Reaping “Something Good” from the Act of Rape?

These days, it’s true. There’s no telling what might come out a Republican’s mouth.

Indiana Republican Senate candidate Richard Mourdock’s recent suggestion that pregnancies resulting from rape should not be terminated because they comprise “something good that God intended to happen” says something really scary about a lot of Republicans and church folk.

First, it’s blatantly insensitive. I wonder if Mourdock has daughters and how he would feel if his daughter was raped. I strain my brain to imagine reasonable words to console the poor girl and convince her to bring her assailant’s offspring to term. I can come up with none. Perhaps they offer a class for it at Mourdock’s church.

Second, it reveals a man devoid of empathy. If Mourdock were a woman or, more specifically, a raped, suddenly pregnant woman, would he still defend this stance? If he were a raped high school girl, would he quit school or put it on the backburner to care for his rapist’s baby? If he were a raped college girl, would he drop some classes or take a few semesters off to care for his assailant’s child? If he were a woman who already had children and a husband, would he have the child and realistically be able to love it as much as the fruits of legitimate wedlock? And what kind of situation would it create for the estranged husband?

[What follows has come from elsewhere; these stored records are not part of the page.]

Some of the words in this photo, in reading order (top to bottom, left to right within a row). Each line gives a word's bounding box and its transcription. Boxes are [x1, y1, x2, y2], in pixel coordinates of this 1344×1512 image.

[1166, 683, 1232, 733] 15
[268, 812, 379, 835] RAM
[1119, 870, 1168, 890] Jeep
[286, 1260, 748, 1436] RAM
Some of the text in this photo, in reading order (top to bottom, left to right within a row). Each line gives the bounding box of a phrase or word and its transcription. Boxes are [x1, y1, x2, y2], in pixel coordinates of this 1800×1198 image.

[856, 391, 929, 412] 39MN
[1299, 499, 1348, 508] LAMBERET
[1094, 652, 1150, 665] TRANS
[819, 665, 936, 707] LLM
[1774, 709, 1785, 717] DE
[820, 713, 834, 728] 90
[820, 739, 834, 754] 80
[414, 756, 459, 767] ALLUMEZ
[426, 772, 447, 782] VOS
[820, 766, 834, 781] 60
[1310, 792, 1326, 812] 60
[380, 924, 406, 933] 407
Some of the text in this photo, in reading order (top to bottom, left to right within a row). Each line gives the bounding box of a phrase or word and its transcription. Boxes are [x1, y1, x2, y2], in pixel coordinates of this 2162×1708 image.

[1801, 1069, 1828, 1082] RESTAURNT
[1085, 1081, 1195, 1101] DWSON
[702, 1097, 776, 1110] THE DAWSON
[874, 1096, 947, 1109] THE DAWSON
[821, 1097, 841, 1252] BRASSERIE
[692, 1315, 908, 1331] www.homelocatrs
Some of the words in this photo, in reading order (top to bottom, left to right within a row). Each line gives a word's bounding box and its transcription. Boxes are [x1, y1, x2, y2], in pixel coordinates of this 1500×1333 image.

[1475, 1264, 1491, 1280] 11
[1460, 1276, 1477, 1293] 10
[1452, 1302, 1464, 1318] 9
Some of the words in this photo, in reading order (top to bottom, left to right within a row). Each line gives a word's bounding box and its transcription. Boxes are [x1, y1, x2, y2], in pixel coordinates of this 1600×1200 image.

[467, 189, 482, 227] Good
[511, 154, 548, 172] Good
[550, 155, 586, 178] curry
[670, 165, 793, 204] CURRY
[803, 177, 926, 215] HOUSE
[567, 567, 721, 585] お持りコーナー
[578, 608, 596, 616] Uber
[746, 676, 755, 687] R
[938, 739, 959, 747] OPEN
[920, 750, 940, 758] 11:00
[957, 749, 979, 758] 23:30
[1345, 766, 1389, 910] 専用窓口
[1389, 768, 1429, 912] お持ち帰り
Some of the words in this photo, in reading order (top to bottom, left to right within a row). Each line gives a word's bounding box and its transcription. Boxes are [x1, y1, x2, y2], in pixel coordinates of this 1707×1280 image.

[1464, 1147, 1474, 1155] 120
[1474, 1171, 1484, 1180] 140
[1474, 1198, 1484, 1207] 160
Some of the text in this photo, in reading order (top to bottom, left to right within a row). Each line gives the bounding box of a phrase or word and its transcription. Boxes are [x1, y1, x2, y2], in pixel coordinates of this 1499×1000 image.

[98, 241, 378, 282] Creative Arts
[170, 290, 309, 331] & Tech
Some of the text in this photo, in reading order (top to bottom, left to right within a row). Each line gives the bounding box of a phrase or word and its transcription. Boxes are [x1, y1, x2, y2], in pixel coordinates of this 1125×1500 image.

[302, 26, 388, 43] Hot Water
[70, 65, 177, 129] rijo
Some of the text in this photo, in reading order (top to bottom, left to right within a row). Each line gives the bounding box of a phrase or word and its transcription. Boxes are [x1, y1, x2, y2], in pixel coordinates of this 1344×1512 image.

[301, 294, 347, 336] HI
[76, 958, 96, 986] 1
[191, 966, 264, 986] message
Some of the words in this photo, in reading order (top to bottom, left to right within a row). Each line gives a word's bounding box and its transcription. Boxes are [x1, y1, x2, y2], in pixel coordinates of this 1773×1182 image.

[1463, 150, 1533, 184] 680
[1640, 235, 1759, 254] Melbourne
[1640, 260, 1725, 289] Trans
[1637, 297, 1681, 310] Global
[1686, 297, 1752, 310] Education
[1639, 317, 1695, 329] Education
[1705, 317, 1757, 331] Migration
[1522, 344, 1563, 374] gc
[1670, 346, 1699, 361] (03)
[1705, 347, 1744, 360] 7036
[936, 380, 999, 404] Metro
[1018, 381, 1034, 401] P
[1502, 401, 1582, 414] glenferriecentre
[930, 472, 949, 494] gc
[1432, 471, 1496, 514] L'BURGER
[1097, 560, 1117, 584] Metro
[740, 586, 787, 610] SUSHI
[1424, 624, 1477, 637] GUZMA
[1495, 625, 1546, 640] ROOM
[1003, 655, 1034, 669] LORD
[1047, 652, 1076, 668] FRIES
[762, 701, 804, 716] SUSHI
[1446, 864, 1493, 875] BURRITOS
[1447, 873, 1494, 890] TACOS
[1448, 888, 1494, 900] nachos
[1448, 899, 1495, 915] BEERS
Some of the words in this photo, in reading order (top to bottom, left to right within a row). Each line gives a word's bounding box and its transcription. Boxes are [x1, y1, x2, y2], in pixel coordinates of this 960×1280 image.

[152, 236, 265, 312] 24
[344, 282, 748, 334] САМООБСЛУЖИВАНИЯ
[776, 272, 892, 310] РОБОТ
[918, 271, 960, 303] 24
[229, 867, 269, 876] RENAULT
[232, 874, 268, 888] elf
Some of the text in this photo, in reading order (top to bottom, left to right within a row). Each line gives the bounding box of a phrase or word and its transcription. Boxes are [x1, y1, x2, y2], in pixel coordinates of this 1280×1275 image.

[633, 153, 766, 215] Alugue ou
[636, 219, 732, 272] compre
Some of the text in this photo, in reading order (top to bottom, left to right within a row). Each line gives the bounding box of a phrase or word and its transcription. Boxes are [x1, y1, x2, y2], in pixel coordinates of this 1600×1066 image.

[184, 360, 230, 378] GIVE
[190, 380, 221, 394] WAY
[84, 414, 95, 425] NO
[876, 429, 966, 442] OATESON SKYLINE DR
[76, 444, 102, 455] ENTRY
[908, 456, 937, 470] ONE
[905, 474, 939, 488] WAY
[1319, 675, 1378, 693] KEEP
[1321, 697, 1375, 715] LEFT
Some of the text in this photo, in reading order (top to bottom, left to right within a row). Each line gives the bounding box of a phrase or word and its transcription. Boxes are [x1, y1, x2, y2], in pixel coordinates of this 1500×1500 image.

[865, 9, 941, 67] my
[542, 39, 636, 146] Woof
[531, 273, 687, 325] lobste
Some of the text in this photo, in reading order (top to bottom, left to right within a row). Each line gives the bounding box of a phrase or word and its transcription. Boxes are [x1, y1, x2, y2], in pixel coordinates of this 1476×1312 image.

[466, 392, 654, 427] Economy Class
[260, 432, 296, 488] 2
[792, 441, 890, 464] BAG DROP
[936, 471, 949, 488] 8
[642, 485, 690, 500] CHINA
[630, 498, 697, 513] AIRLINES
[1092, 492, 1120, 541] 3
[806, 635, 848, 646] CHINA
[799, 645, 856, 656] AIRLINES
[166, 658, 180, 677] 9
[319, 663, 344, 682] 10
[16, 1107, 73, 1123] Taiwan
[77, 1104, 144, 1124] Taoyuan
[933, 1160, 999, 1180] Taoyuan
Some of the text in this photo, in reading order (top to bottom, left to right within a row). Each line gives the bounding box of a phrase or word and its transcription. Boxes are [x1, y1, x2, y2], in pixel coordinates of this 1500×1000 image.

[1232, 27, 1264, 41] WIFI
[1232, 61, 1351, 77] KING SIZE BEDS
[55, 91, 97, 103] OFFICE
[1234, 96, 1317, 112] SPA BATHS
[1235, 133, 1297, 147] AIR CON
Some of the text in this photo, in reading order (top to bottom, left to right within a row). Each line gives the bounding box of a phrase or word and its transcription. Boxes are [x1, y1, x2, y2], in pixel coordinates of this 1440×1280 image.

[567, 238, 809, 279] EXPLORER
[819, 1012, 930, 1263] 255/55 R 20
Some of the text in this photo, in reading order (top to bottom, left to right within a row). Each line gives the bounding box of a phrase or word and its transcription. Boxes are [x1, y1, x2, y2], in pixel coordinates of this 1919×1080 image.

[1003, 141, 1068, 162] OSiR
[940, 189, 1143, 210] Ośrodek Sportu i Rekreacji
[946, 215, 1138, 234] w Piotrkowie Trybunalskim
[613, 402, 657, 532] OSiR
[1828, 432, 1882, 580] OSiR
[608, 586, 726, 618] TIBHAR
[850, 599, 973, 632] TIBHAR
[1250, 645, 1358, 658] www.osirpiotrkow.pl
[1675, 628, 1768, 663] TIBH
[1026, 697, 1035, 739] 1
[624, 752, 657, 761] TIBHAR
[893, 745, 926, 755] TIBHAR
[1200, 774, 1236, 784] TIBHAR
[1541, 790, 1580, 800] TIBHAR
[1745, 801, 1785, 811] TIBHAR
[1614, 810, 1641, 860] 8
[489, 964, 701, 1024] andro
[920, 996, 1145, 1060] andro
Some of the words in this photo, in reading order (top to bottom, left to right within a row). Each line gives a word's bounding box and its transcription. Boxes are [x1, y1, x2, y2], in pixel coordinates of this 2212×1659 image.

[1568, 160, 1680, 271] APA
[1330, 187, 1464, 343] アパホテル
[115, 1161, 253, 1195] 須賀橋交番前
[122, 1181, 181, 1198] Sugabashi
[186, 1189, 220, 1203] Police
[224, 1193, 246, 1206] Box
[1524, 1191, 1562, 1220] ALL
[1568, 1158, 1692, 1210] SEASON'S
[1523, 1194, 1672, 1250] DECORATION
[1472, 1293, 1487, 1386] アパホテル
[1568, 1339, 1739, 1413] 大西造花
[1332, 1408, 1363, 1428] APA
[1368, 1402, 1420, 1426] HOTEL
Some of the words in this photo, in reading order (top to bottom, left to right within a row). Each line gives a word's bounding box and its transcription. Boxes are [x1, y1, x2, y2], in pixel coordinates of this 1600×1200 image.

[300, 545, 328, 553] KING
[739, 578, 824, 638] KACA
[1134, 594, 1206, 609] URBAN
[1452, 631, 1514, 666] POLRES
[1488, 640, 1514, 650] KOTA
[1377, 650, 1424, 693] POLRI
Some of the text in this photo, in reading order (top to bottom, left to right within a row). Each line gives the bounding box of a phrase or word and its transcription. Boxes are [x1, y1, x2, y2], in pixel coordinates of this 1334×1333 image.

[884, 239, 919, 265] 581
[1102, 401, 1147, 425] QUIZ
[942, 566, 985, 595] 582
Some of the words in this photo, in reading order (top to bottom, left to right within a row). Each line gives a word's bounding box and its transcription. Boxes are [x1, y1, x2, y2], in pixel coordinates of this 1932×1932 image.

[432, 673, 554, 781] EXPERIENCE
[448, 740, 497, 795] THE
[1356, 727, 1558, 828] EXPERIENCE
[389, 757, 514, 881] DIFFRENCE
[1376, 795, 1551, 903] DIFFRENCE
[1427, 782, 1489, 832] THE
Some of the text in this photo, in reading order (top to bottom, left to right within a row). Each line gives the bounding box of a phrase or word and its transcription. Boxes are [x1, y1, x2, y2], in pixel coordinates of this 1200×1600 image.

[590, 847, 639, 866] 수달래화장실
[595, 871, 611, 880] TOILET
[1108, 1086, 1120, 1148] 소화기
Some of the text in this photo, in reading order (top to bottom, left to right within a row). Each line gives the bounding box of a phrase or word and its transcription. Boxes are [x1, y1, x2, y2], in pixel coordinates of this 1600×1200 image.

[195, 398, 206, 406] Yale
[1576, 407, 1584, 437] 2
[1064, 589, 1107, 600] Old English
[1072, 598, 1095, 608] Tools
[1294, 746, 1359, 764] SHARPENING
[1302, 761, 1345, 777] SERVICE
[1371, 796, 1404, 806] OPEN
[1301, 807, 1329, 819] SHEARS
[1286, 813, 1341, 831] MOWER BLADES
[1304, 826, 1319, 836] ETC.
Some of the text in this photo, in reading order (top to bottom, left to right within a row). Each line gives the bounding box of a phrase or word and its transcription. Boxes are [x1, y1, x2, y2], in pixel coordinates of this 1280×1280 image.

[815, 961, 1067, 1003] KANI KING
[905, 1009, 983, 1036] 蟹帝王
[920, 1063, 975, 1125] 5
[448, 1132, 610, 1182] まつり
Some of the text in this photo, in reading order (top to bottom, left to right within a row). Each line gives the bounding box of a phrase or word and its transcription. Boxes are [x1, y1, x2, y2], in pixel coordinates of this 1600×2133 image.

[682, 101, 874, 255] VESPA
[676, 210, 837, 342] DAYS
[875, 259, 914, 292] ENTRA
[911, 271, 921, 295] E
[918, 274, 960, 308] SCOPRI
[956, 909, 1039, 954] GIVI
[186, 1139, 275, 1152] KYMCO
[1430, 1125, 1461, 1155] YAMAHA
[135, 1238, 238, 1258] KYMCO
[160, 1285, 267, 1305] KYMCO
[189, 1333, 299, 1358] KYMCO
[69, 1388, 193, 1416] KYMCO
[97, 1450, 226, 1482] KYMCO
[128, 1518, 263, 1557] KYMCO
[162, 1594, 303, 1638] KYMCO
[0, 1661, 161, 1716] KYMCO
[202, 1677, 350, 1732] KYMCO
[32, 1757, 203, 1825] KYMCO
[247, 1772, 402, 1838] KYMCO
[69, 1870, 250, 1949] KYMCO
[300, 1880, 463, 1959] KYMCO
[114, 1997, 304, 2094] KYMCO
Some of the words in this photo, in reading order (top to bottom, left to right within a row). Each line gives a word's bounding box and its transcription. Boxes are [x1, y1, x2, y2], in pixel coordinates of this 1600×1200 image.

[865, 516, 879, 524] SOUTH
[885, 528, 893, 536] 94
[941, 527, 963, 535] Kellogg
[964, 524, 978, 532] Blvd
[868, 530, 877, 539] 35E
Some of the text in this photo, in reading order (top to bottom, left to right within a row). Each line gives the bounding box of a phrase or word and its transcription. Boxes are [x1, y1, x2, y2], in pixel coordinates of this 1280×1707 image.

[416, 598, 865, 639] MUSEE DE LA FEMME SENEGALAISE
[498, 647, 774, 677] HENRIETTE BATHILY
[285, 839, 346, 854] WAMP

And third, if God intended for Mourdock’s daughter or his granddaughter or his wife or his mother or his niece to be raped and have her attacker’s baby, how could this preordained act be considered a crime? God is, I’m told, incapable of evil. And if He intended for a woman to be raped, the rape must have been permitted or perpetuated with a greater good in mind. Would the rape be considered a benevolent assault?

Family values folks stress two-parent households; perhaps a rapist should only be punished if the female aborts the fruit of the defilement. Would pro-life folks advocate freeing the rapist if a woman impregnated via rape carries the “good” resulting from the assault to term? So he could get a job to support it and teach it to play catch?

Heck, regardless of whether the rapist is charged, convicted, acquitted or patted on the back for his role in this intended and therefore blessed pregnancy; the rapist would clearly be awarded standard parental and visitation rights–right?

And if the government took up and legislated Mourdock’s morality in terms of rape, would then the government not be responsible for helping support the rapist’s offspring if he was convicted and sent to prison?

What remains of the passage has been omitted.